Executive Director of the Cancer Connection, Betsy Neisner, said she has participants at her center who found the recording sessions moving, and even joyous.
AMHERST - When Ralph Lowen and his first cousin stood before his uncle’s casket at a wake three years ago, his cousin murmured something he had heard before from people in mourning.
“She said: I wish I had asked ...” said Lowen, a painter and former psychotherapist. “And I realized I had heard that countless times before. Loved ones die and those left behind are often left with so many questions, or so many things we wish we had said.”

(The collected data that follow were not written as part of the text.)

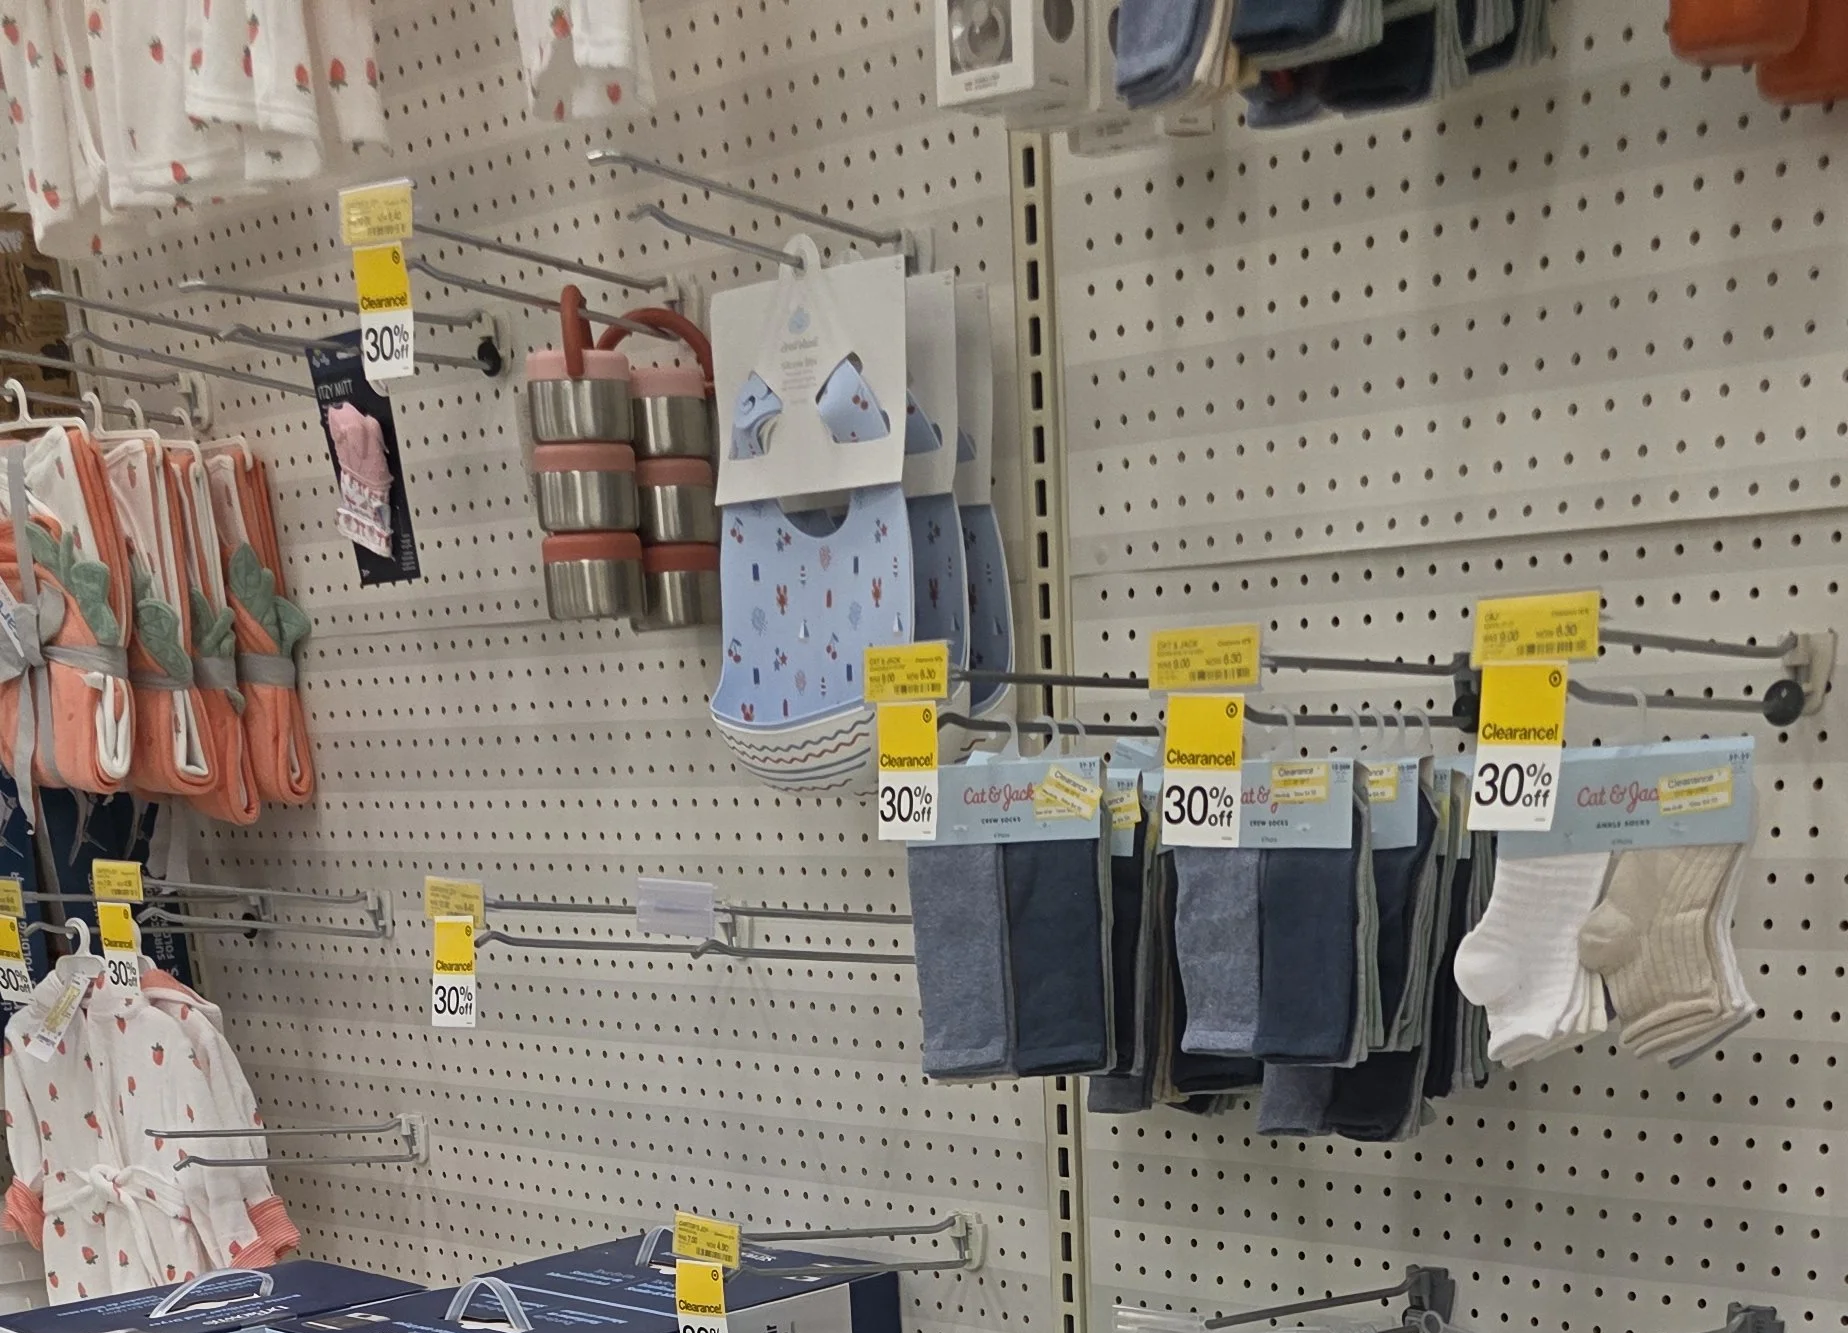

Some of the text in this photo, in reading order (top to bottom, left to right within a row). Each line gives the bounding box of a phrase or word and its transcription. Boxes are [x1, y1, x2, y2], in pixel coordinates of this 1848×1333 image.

[361, 293, 407, 311] Clearance!
[394, 344, 409, 360] off
[1482, 723, 1559, 741] Clearance!
[880, 753, 933, 768] Clearance!
[1167, 749, 1235, 766] Clearance!
[964, 786, 986, 806] Cat
[1003, 782, 1034, 811] Jack
[1241, 786, 1256, 805] at
[1522, 790, 1550, 807] off
[1577, 785, 1606, 807] Cat
[1626, 781, 1660, 813] Jac
[913, 808, 931, 823] off
[1208, 810, 1232, 827] off
[104, 939, 134, 949] Clearance!
[436, 960, 472, 971] Clearance!
[20, 982, 31, 994] off
[129, 977, 138, 988] off
[459, 1003, 472, 1015] off
[678, 1300, 722, 1314] Clearance!

The comment gave birth to a very fledgling project Lowen launched recently by the same name designed to give terminally ill patients a chance to record their personal history.
“I Wish I Had Asked” appeals to Lowen’s affinity for oral history traditions and history in general, plus as a scholar of emotional complexities in his former job as a therapist in New York City.
Lowen’s own father died when he was just 3, and his mother, a mathematician, shut down emotionally, he said; not an entirely unusual response to grief.
“Everything sort of went downhill from there ... I have huge gaps in my memory. There are so many things I wish I had asked her,” Lowen said.
“I Wish I Had Asked” has thus far been a self-financed venture, with Lowen buying his own equipment to conduct weekly audio recordings of cancer patients with varying prognoses. He records weekly discussion groups through The Cancer Connection, a support center across from Cooley-Dickinson Hospital in Northampton.
Executive Director Betsy Neisner said she has participants at her center who found the recording sessions moving, and even joyous.
"One of the women told me that she can't remember the sound of her mother's voice. Now, her family will always have that. And when you're dying, you start physically looking terrible but you still have your voice," Neisner said. "She has the recording now and her family will always have it. She still finds it difficult to listen to, though, because it was a good-bye."
Neisner said that Lowen has exactly the kind of easy way to make his subjects feel comfortable.
"One woman said Ralph is facilitator, therapist and artist. He made it really easy for her to talk," she said.
Lowen has a standard list of questions he can use as a starting point, or to spur on the dialogue if it begins to drift away. Some include easy ones like: "What are you most proud of?" and "What is your best memory of childhood?" Others are more difficult, like "Do your think about dying?" and "Are you scared?" or "How do you imagine your death?"
Lowen hopes that the project will become widespread enough for him to seek grants and donations so he can train others to do the sessions and buy more equipment.
"Right now it's more important for me to be doing it than to make any money at doing it," he said, but noting that he is aware of his own mortality. "But, I'm getting older. I won't be able to do it forever and I'd like for it not to end with me."